So far, there are many papers that observed steps on ice crystal surfaces (11–15). However, these studies observed spiral growth steps, and hence failed to prove the observation of elementary steps. In this study, we have clearly observed two-dimensional nucleation growth and verified that we are visualizing elementary steps. The keys to this achievement are the improvement to LCM-DIM explained in the Materials and Methods section and the preparation of high quality ice crystals.
Height of Elementary Steps.
A schematic cross section of an ice crystal (Fig. 3) indicates that a basal face has a bilayer structure (46). The distance between adjacent bilayers is 0.37 nm, which is a half of a unit cell height in the C direction. Because of the tetrahedral bonding of water molecules in an ice crystal, the density of intrabilayer hydrogen bonding is three times higher than that between bilayers, strongly suggesting that a bilayer structure forms a topmost layer of a basal face. Therefore one could expect that the height of elementary steps on a basal face is 0.37 nm.
Fig. 3.
A schematic drawing of a cross section of a Ih ice crystal. Gray and red atoms correspond to oxygen and hydrogen, respectively.
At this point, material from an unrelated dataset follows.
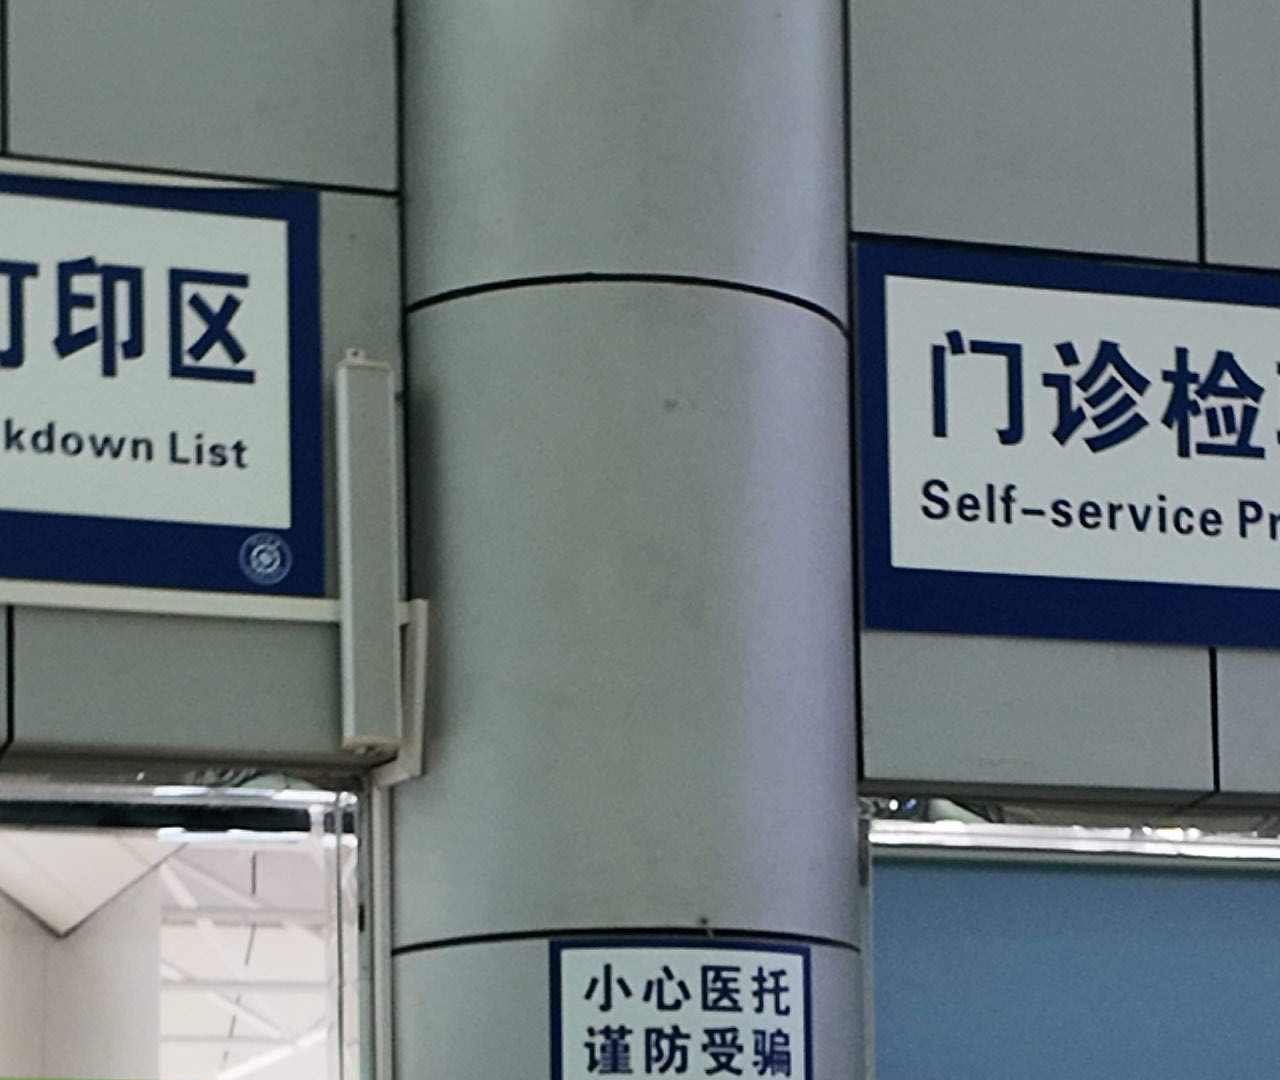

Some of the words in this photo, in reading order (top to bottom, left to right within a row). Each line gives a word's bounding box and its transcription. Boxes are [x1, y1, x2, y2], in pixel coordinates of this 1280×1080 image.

Bilayers made of water molecules are stacked in the C direction at 0.37 nm intervals.
To our knowledge, Zepeda and coworkers are the only workers so far who have visualized elementary steps on ice crystal surfaces covered with octane by AFM, and reported that the measured height of elementary steps of basal faces was 0.29 nm (33). Taking into account the large error of AFM measurements in the height direction, this height coincides well with the interbilayer height of 0.37 nm. Hence, we concluded that LCM-DIM could successfully visualize elementary steps of 0.37 nm height at the interface between air and a basal face.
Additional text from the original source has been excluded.